(Data extract Opens)

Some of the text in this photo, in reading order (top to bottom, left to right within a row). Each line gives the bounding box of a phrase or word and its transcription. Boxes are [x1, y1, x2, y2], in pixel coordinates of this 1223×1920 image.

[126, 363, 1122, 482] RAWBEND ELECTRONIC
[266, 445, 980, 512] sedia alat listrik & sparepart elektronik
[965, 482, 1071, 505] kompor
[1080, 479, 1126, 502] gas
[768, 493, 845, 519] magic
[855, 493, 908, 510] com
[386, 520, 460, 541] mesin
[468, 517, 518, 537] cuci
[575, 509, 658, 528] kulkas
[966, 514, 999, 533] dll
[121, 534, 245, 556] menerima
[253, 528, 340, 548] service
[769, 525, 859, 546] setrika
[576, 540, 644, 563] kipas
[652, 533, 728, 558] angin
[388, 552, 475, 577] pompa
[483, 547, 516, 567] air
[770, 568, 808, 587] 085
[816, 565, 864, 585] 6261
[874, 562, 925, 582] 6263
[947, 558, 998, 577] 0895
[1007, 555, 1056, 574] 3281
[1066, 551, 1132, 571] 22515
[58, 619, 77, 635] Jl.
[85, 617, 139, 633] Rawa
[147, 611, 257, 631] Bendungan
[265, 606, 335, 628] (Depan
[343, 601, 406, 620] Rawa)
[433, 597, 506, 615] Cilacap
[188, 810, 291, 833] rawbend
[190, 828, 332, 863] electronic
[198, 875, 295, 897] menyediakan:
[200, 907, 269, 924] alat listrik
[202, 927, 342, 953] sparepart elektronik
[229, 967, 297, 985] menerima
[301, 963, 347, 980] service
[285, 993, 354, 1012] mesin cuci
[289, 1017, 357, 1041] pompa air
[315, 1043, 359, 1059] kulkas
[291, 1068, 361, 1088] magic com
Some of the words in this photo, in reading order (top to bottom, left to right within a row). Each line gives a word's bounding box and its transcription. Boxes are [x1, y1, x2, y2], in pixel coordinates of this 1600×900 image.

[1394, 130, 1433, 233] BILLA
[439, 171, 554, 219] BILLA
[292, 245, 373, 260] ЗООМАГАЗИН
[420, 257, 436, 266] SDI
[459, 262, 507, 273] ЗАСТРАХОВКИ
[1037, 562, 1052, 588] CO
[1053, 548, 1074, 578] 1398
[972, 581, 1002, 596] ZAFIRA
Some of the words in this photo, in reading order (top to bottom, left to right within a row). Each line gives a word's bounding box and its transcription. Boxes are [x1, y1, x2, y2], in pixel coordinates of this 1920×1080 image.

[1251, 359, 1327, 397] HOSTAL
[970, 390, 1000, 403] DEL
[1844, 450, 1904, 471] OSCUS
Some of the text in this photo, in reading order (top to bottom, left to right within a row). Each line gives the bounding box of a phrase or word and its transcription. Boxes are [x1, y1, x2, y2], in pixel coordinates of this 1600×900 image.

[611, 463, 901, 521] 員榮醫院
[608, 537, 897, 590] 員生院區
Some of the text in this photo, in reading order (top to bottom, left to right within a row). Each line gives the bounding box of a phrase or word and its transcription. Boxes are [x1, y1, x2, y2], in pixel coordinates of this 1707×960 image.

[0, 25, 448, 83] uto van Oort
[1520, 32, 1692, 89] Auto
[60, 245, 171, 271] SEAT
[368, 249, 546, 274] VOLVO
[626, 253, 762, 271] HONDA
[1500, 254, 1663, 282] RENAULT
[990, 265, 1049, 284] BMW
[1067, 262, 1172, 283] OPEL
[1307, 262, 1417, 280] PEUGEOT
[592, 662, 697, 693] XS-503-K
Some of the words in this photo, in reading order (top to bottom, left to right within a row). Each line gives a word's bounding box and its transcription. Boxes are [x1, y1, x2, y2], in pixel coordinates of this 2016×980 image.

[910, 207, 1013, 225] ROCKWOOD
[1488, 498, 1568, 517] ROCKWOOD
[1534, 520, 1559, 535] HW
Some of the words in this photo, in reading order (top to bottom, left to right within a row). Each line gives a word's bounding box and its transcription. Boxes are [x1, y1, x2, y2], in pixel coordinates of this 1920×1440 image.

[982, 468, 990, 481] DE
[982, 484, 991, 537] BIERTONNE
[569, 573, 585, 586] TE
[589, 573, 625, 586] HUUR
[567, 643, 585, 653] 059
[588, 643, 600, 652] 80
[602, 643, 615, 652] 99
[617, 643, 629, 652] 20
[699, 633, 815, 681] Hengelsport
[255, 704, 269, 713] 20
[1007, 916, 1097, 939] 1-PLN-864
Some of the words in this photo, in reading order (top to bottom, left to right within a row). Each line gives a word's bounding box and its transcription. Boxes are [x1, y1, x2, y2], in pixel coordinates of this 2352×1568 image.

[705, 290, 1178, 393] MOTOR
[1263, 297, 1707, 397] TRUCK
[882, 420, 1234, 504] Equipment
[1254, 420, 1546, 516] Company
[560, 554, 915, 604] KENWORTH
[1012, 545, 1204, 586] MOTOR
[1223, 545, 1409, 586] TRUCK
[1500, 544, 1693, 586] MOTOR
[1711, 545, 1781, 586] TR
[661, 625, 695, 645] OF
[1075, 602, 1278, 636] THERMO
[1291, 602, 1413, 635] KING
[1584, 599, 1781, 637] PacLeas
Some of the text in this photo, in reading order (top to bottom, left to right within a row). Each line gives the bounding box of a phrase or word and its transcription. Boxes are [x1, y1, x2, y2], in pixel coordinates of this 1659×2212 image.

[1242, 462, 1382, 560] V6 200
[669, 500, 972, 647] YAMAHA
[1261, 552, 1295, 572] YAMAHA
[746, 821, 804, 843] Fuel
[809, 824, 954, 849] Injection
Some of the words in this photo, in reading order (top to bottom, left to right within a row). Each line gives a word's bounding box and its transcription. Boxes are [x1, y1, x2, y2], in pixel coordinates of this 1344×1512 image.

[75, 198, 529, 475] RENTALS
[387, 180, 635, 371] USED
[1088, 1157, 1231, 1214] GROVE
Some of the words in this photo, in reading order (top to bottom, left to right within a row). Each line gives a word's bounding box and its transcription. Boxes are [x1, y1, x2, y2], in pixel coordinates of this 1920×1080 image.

(Data extract Closes)

**Problem description**
Reproduce the full listing above, character for character.

**Exercise output**
Some of the text in this photo, in reading order (top to bottom, left to right within a row). Each line gives the bounding box of a phrase or word and its transcription. Boxes are [x1, y1, x2, y2], in pixel coordinates of this 1223×1920 image.

[126, 363, 1122, 482] RAWBEND ELECTRONIC
[266, 445, 980, 512] sedia alat listrik & sparepart elektronik
[965, 482, 1071, 505] kompor
[1080, 479, 1126, 502] gas
[768, 493, 845, 519] magic
[855, 493, 908, 510] com
[386, 520, 460, 541] mesin
[468, 517, 518, 537] cuci
[575, 509, 658, 528] kulkas
[966, 514, 999, 533] dll
[121, 534, 245, 556] menerima
[253, 528, 340, 548] service
[769, 525, 859, 546] setrika
[576, 540, 644, 563] kipas
[652, 533, 728, 558] angin
[388, 552, 475, 577] pompa
[483, 547, 516, 567] air
[770, 568, 808, 587] 085
[816, 565, 864, 585] 6261
[874, 562, 925, 582] 6263
[947, 558, 998, 577] 0895
[1007, 555, 1056, 574] 3281
[1066, 551, 1132, 571] 22515
[58, 619, 77, 635] Jl.
[85, 617, 139, 633] Rawa
[147, 611, 257, 631] Bendungan
[265, 606, 335, 628] (Depan
[343, 601, 406, 620] Rawa)
[433, 597, 506, 615] Cilacap
[188, 810, 291, 833] rawbend
[190, 828, 332, 863] electronic
[198, 875, 295, 897] menyediakan:
[200, 907, 269, 924] alat listrik
[202, 927, 342, 953] sparepart elektronik
[229, 967, 297, 985] menerima
[301, 963, 347, 980] service
[285, 993, 354, 1012] mesin cuci
[289, 1017, 357, 1041] pompa air
[315, 1043, 359, 1059] kulkas
[291, 1068, 361, 1088] magic com
Some of the words in this photo, in reading order (top to bottom, left to right within a row). Each line gives a word's bounding box and its transcription. Boxes are [x1, y1, x2, y2], in pixel coordinates of this 1600×900 image.

[1394, 130, 1433, 233] BILLA
[439, 171, 554, 219] BILLA
[292, 245, 373, 260] ЗООМАГАЗИН
[420, 257, 436, 266] SDI
[459, 262, 507, 273] ЗАСТРАХОВКИ
[1037, 562, 1052, 588] CO
[1053, 548, 1074, 578] 1398
[972, 581, 1002, 596] ZAFIRA
Some of the words in this photo, in reading order (top to bottom, left to right within a row). Each line gives a word's bounding box and its transcription. Boxes are [x1, y1, x2, y2], in pixel coordinates of this 1920×1080 image.

[1251, 359, 1327, 397] HOSTAL
[970, 390, 1000, 403] DEL
[1844, 450, 1904, 471] OSCUS
Some of the text in this photo, in reading order (top to bottom, left to right within a row). Each line gives the bounding box of a phrase or word and its transcription. Boxes are [x1, y1, x2, y2], in pixel coordinates of this 1600×900 image.

[611, 463, 901, 521] 員榮醫院
[608, 537, 897, 590] 員生院區
Some of the text in this photo, in reading order (top to bottom, left to right within a row). Each line gives the bounding box of a phrase or word and its transcription. Boxes are [x1, y1, x2, y2], in pixel coordinates of this 1707×960 image.

[0, 25, 448, 83] uto van Oort
[1520, 32, 1692, 89] Auto
[60, 245, 171, 271] SEAT
[368, 249, 546, 274] VOLVO
[626, 253, 762, 271] HONDA
[1500, 254, 1663, 282] RENAULT
[990, 265, 1049, 284] BMW
[1067, 262, 1172, 283] OPEL
[1307, 262, 1417, 280] PEUGEOT
[592, 662, 697, 693] XS-503-K
Some of the words in this photo, in reading order (top to bottom, left to right within a row). Each line gives a word's bounding box and its transcription. Boxes are [x1, y1, x2, y2], in pixel coordinates of this 2016×980 image.

[910, 207, 1013, 225] ROCKWOOD
[1488, 498, 1568, 517] ROCKWOOD
[1534, 520, 1559, 535] HW
Some of the words in this photo, in reading order (top to bottom, left to right within a row). Each line gives a word's bounding box and its transcription. Boxes are [x1, y1, x2, y2], in pixel coordinates of this 1920×1440 image.

[982, 468, 990, 481] DE
[982, 484, 991, 537] BIERTONNE
[569, 573, 585, 586] TE
[589, 573, 625, 586] HUUR
[567, 643, 585, 653] 059
[588, 643, 600, 652] 80
[602, 643, 615, 652] 99
[617, 643, 629, 652] 20
[699, 633, 815, 681] Hengelsport
[255, 704, 269, 713] 20
[1007, 916, 1097, 939] 1-PLN-864
Some of the words in this photo, in reading order (top to bottom, left to right within a row). Each line gives a word's bounding box and its transcription. Boxes are [x1, y1, x2, y2], in pixel coordinates of this 2352×1568 image.

[705, 290, 1178, 393] MOTOR
[1263, 297, 1707, 397] TRUCK
[882, 420, 1234, 504] Equipment
[1254, 420, 1546, 516] Company
[560, 554, 915, 604] KENWORTH
[1012, 545, 1204, 586] MOTOR
[1223, 545, 1409, 586] TRUCK
[1500, 544, 1693, 586] MOTOR
[1711, 545, 1781, 586] TR
[661, 625, 695, 645] OF
[1075, 602, 1278, 636] THERMO
[1291, 602, 1413, 635] KING
[1584, 599, 1781, 637] PacLeas
Some of the text in this photo, in reading order (top to bottom, left to right within a row). Each line gives the bounding box of a phrase or word and its transcription. Boxes are [x1, y1, x2, y2], in pixel coordinates of this 1659×2212 image.

[1242, 462, 1382, 560] V6 200
[669, 500, 972, 647] YAMAHA
[1261, 552, 1295, 572] YAMAHA
[746, 821, 804, 843] Fuel
[809, 824, 954, 849] Injection
Some of the words in this photo, in reading order (top to bottom, left to right within a row). Each line gives a word's bounding box and its transcription. Boxes are [x1, y1, x2, y2], in pixel coordinates of this 1344×1512 image.

[75, 198, 529, 475] RENTALS
[387, 180, 635, 371] USED
[1088, 1157, 1231, 1214] GROVE
Some of the words in this photo, in reading order (top to bottom, left to right within a row). Each line gives a word's bounding box and its transcription. Boxes are [x1, y1, x2, y2], in pixel coordinates of this 1920×1080 image.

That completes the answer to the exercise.